Ale co prawda to prawda. Nudne to, nie uważacie?
ktoś kiedyś spytał o zdięcie siostry to teraz każdy chce to praktykować
;p
jak chcecie jakieś zdięcia dziewczyn to wpiszcie w google zdięcia dziewczyn
i będzie. o!
siemanko , zabieraj się od razu za basa 🙂 na elektrykach graja wszyscy 🙂
***Każdy krok niesie pokój***
Hej 🙂
Spiłuj piękne pazurki od manicurzystki i.. zabieraj się za bassa ! ! !
witam serdecznie!
ps. mam nadzieję, że nie z Nowej Huty 😉
Witam 🙂 Nie pokazuj im zdjęcia siostry 😀
[quote=Grabuś]witam serdecznie!
ps. mam nadzieję, że nie z Nowej Huty 😉
Heheh naszczęście nie 🙂
A co do basu to narazie kase zbieram bo cieniutko w portfelu 🙂 .Siostry też
nie mam,chyba że brat coś ukrywa przed wszystkimi 😉
Jako doświadczeni na temat basów to jaki byście proponowali do grania
lżejszej melodyjnej muzyki,mam na myśli coś w stylu funk,rock,może jakiś
punk w stylu Big Cyca heheh .Zastanawiam się też nad ilością strun,bo
jestem przyzwyczajona do sześciu.
Witaj ;D
Masz MEG Warrior, a chcesz lekką muzykę grać? 😀
Anyway – jeżeli to Twoja gitara, to ją sprzedaj od razu, będziesz miała
więcej hajcu na bas ;P. Do muzyki, o której mówisz, to proponowałbym coś z
pickupem MM (czyli OLP, używany Flame CS), tudzież coś z pickupami w
układzie 2xJ. Jakiś jeden z tych nowszych Squierów Jazz.

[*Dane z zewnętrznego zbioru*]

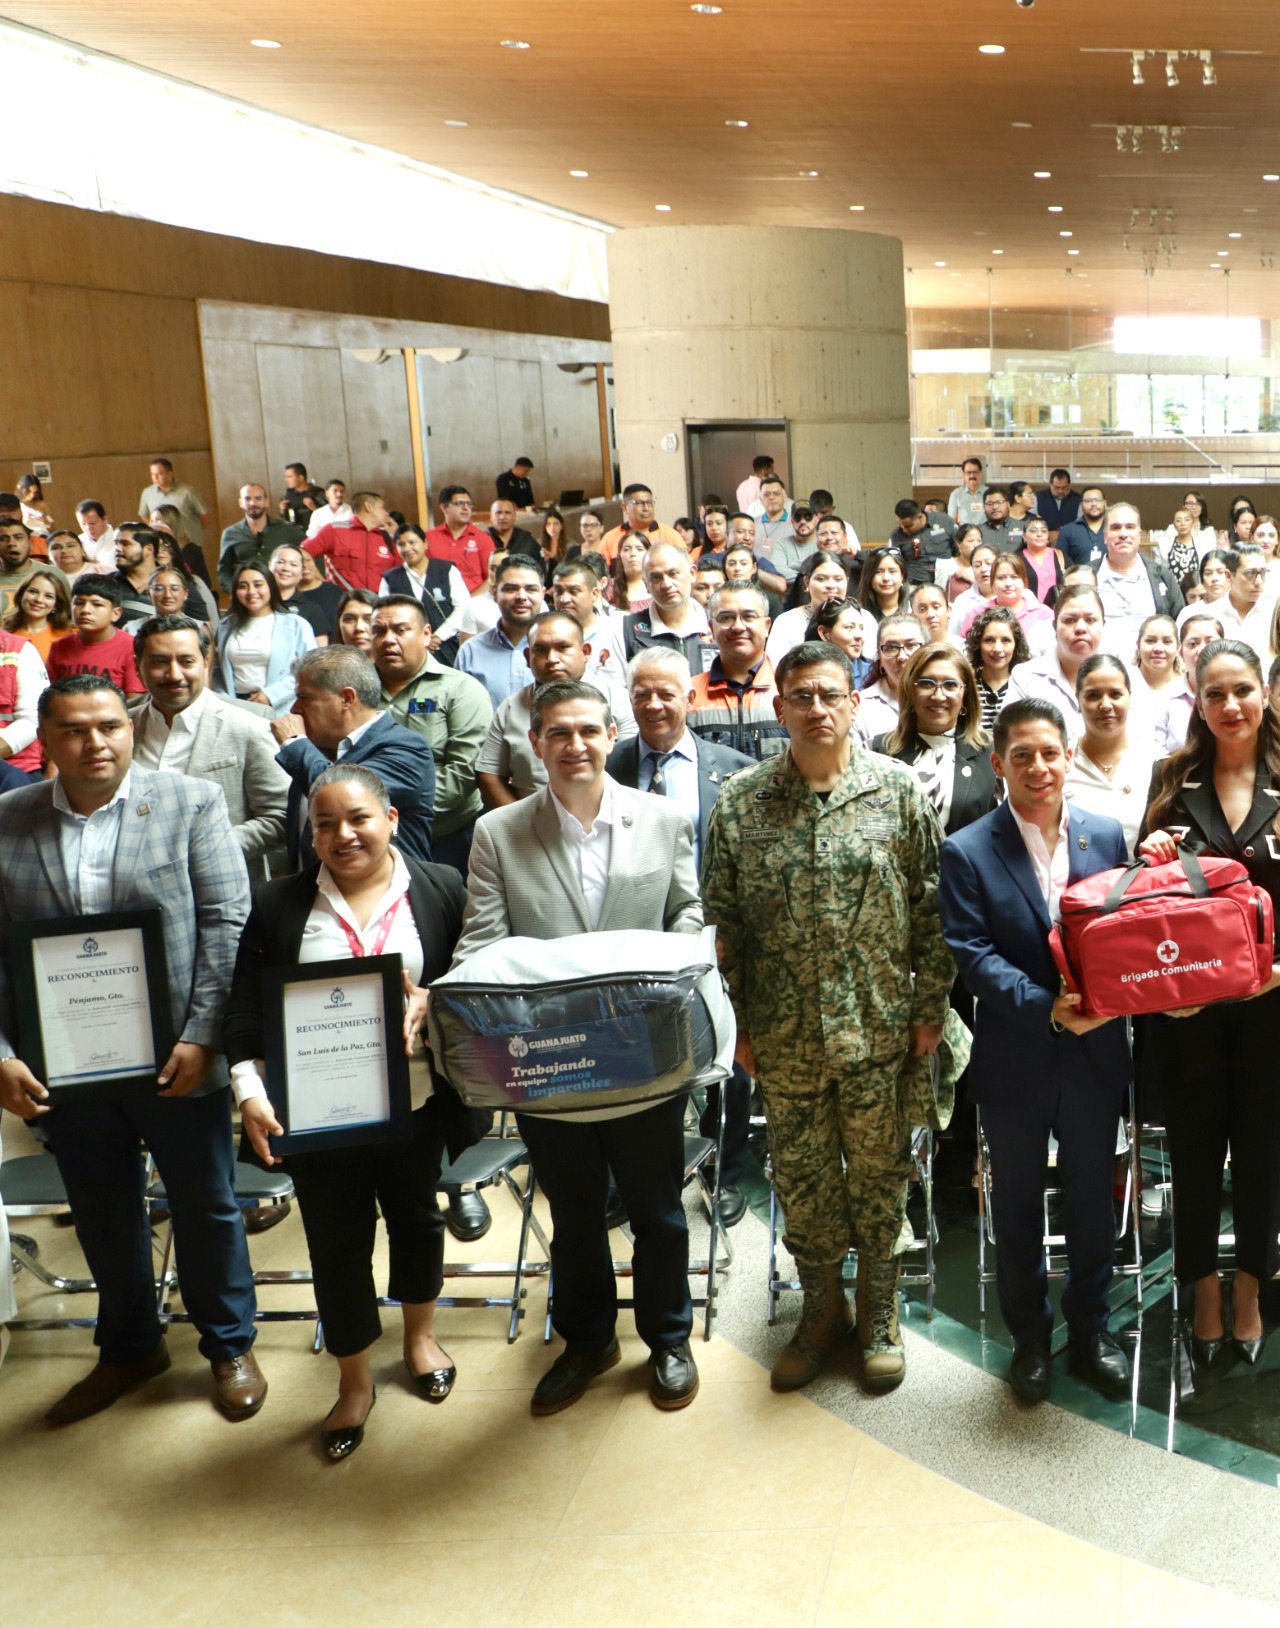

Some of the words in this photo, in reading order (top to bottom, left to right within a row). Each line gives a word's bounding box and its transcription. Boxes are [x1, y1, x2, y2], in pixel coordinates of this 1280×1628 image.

[47, 965, 140, 983] RECONOCIMIENTO
[1121, 969, 1160, 983] Brigada
[1161, 958, 1223, 976] Comunitaria
[69, 995, 107, 1005] Pénjamo,
[296, 1017, 381, 1034] RECONOCIMIENTO
[297, 1049, 312, 1057] San
[313, 1047, 330, 1055] Luis
[350, 1043, 365, 1051] Paz,
[366, 1041, 382, 1049] Gto.
[528, 1033, 587, 1050] GUANAJUATO
[511, 1057, 596, 1078] Trabajando
[517, 1078, 548, 1088] equipo
[550, 1071, 591, 1083] somos
[528, 1078, 611, 1098] imparables
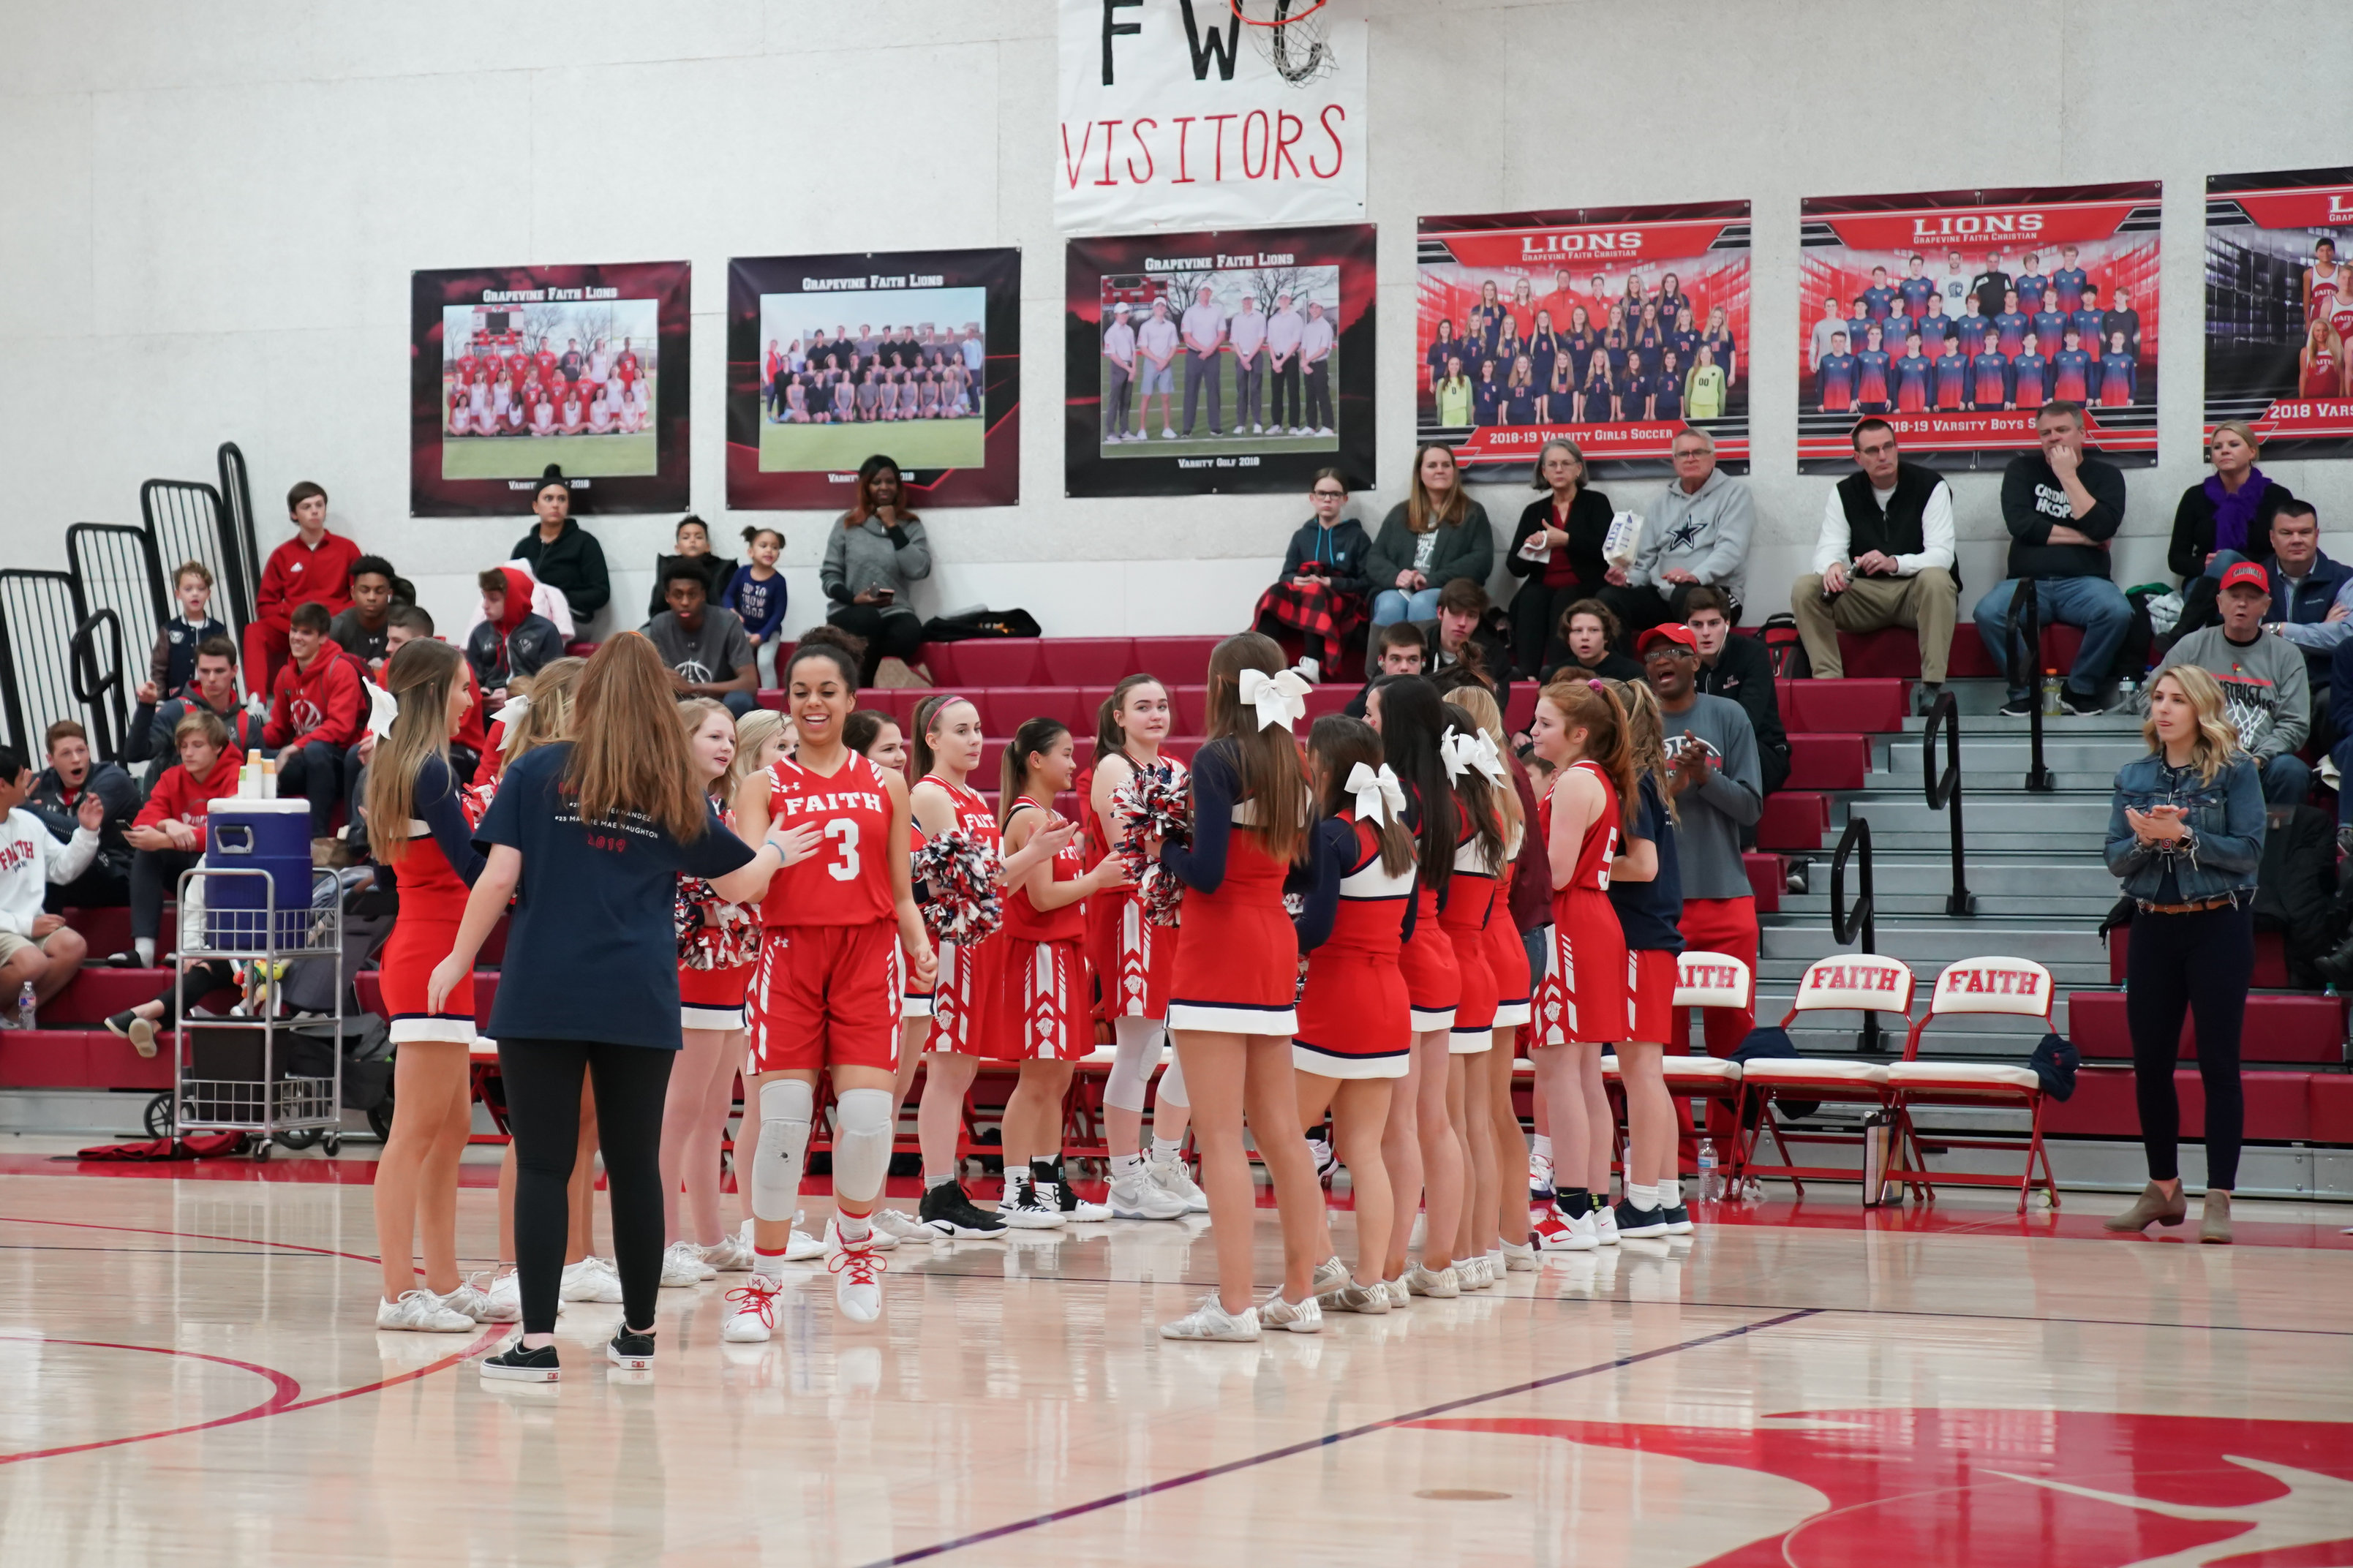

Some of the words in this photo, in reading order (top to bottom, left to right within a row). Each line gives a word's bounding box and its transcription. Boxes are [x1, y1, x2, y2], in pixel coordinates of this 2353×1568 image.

[1061, 104, 1345, 189] VISITORS
[1913, 214, 2043, 235] LIONS
[1522, 231, 1642, 253] LIONS
[1913, 235, 1959, 244] GRAPEVINE
[1963, 234, 1988, 242] FAITH
[1991, 233, 2037, 241] CHRISTIAN
[1145, 257, 1212, 271] GRAPEVINE
[1216, 255, 1254, 268] FAITH
[1258, 252, 1294, 265] LIONS
[802, 277, 866, 291] GRAPEVINE
[870, 275, 906, 288] FAITH
[909, 274, 944, 287] LIONS
[483, 290, 544, 302] GRAPEVINE
[548, 287, 581, 301] FAITH
[585, 286, 617, 299] LIONS
[2270, 404, 2311, 419] 2018
[1932, 420, 1987, 431] VARSITY
[1991, 418, 2024, 430] BOYS
[1490, 431, 1537, 444] 2018-19
[1595, 429, 1627, 441] GIRLS
[1631, 429, 1673, 440] SOCCER
[2036, 497, 2074, 519] HOOP
[784, 792, 882, 815] FAITH
[601, 821, 617, 829] MAE
[620, 823, 658, 839] NAUGHTON
[824, 818, 860, 881] 3
[1676, 965, 1739, 989] AITH
[1810, 965, 1902, 992] FAITH
[1946, 968, 2041, 995] FAITH

Ech, szkoda że nie jesteś perkusistką albo wokalistką, bo z tym jest u nas
problem…
[quote=Grabuś]Eh, szkoda że nie jesteś perkusistką albo wokalistką, bo z
tym jest u nas problem…
Perkusistką zawsze chcialam być,a co do wokalu to może nie mam cudownego
głosu,ale na pewno nie fałszuje jak jakaś herbusiowa 🙂 (bez obrazy ze strony
jej fanów)
plusik za avatara 😉 A co do ilości strun – najlepiej ograj sobie w sklepie
jakąś czwórkę i jakąś piątkę. Generalnie pięciostrunowe są używane
do cięższej muzy, ale to nie zasada oczywiście. Liczy się przede wszystkim
wygoda. Ja się wkrótce przesiadam z 4 na 5 i powiem Ci, że to dziwne
uczucie. Ale myśle, że przywyknę. Sądzę (może nie słusznie), iż jednak
na 4 łatwiej jest stawiać pierwsze kroki. Mimo wszystko bas to nie
elektryk…
[quote=Grabuś]Generalnie pięciostrunowe są używane do cięższej muzy, ale
to nie zasada oczywiście.
Koleś czemu robisz koleżankę w konia, w ucho chcesz dostać? 😛
Nie słyszałem większej bzdury. 5,6 strunowe basy stosuje się w większości
gatunków, przede wszystkim jazz, rnb, pop zewzgl. na posiadane
możliwości.
[quote=Grabuś]Ja się wkrótce przesiadam z 4 na 5 i powiem Ci, że to dziwne
uczucie. Ale myśle, że przywyknę. Sądzę (może nie słusznie), iż jednak
na 4 łatwiej jest stawiać pierwsze kroki.
I znowu dostaniesz strzał w ucho! 🙂 Co Ty opowiadasz?
To nie ma żadnego znaczenia. zaczynając od 5-tki uczysz się od razu
zastosowania dla struny H, tak samo jak zastosowania dla innych. Pozatym od
przybytku głowa nie boli. Nikt nie każe ci być od razu mistrzem, ale żadnej
różnicy w opanowaniu dźwięków, skal NIE MA !!!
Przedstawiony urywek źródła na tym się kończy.